▶ [BRIEF]: Without any pictures, restate the full set of records below exactly.

_ _ _ _ _ _ _

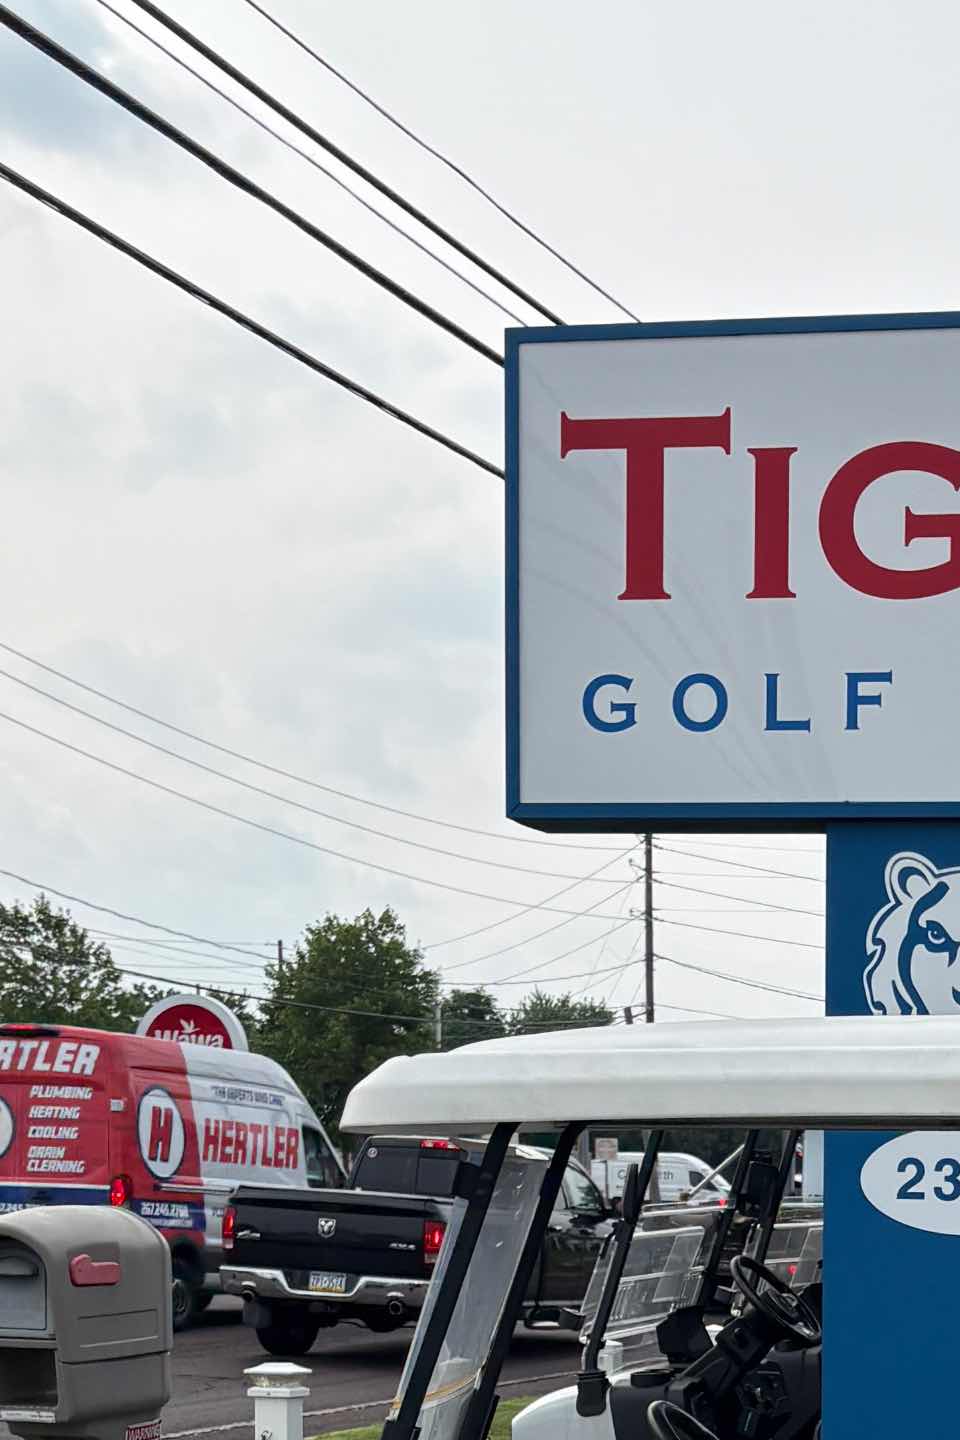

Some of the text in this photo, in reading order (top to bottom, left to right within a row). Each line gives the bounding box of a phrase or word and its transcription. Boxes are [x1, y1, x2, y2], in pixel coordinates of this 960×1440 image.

[581, 670, 893, 734] GOLF
[29, 1084, 93, 1099] PLUMBING
[28, 1105, 81, 1119] HEATING
[27, 1126, 79, 1139] COOLING
[148, 1105, 173, 1162] H
[202, 1117, 299, 1169] HERTLER
[26, 1159, 86, 1173] CLEANING
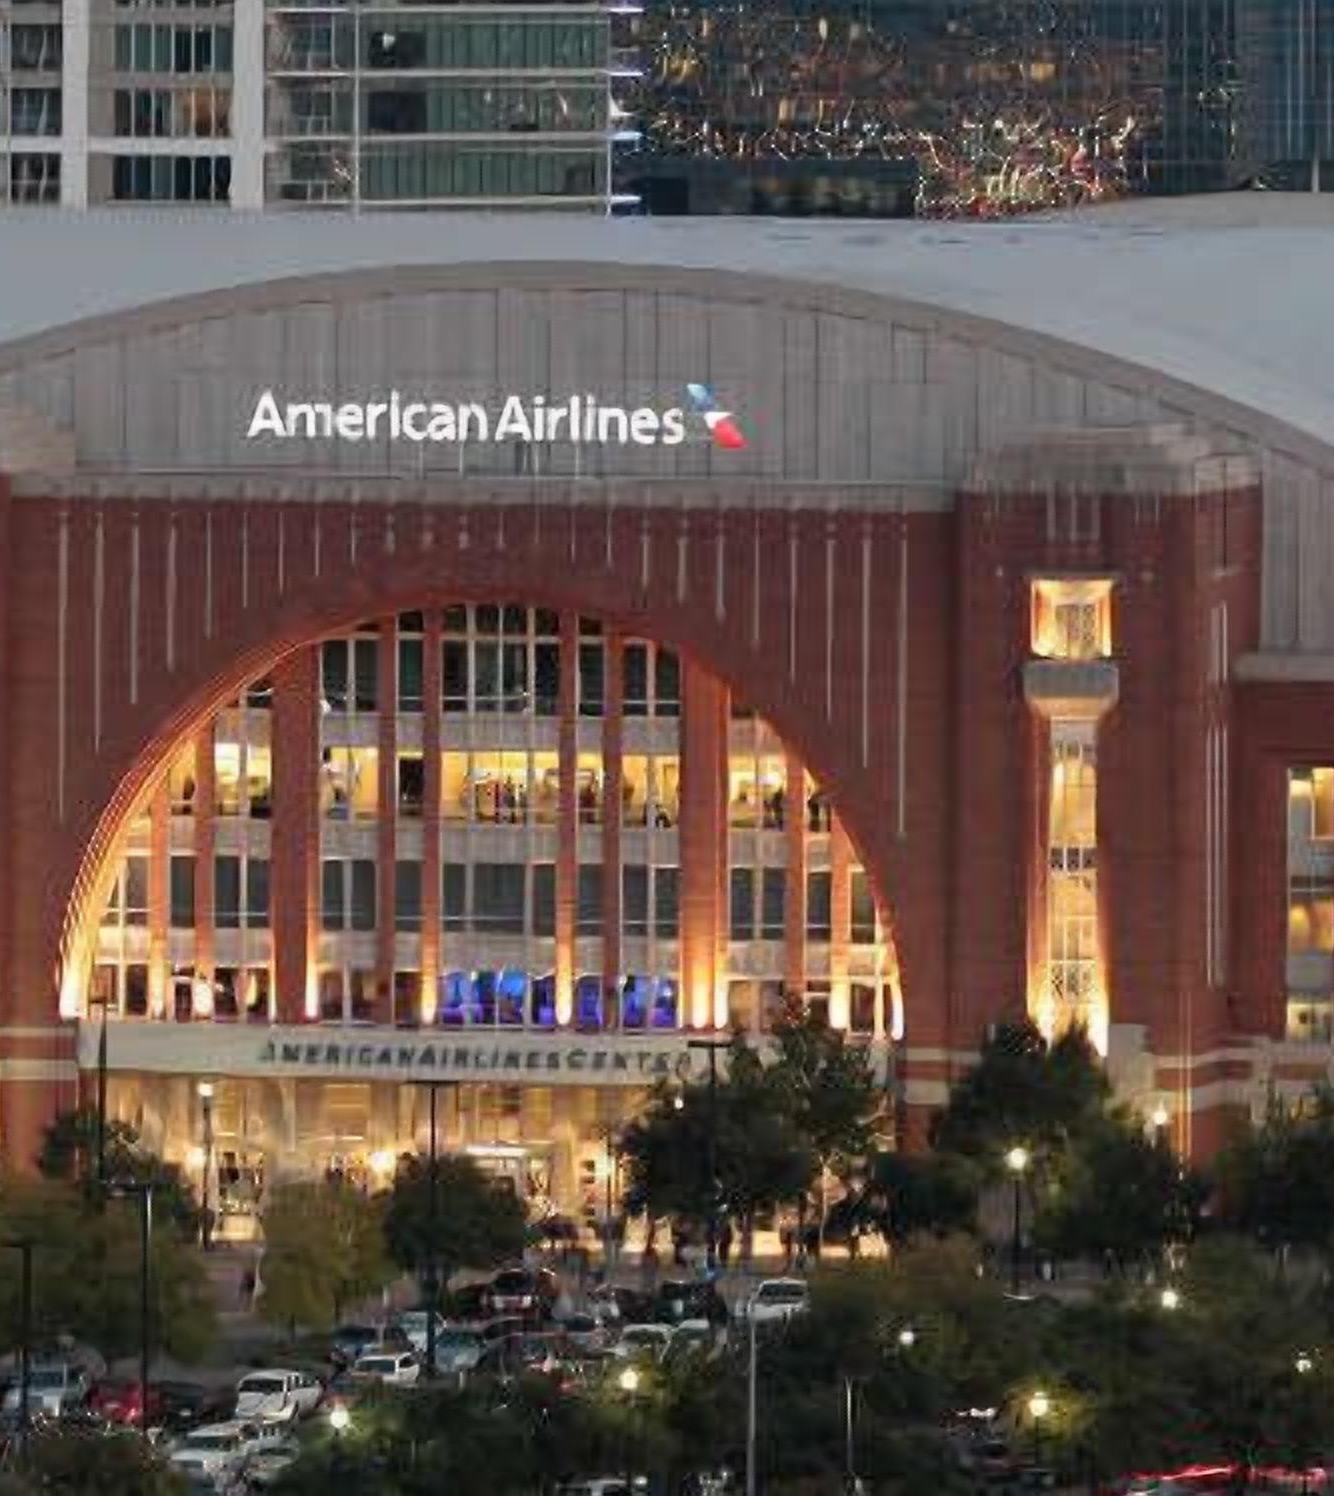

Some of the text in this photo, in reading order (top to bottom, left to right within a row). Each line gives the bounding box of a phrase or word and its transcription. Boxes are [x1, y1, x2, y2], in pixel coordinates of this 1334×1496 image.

_ _ _ _ _ _ _

▶ [RESPONSE TO THE EXERCISE]:
Some of the text in this photo, in reading order (top to bottom, left to right within a row). Each line gives the bounding box of a phrase or word and its transcription. Boxes are [x1, y1, x2, y2], in pixel coordinates of this 960×1440 image.

[581, 670, 893, 734] GOLF
[29, 1084, 93, 1099] PLUMBING
[28, 1105, 81, 1119] HEATING
[27, 1126, 79, 1139] COOLING
[148, 1105, 173, 1162] H
[202, 1117, 299, 1169] HERTLER
[26, 1159, 86, 1173] CLEANING

Some of the text in this photo, in reading order (top to bottom, left to right within a row). Each line gives the bounding box of a phrase or word and its transcription. Boxes are [x1, y1, x2, y2], in pixel coordinates of this 1334×1496 image.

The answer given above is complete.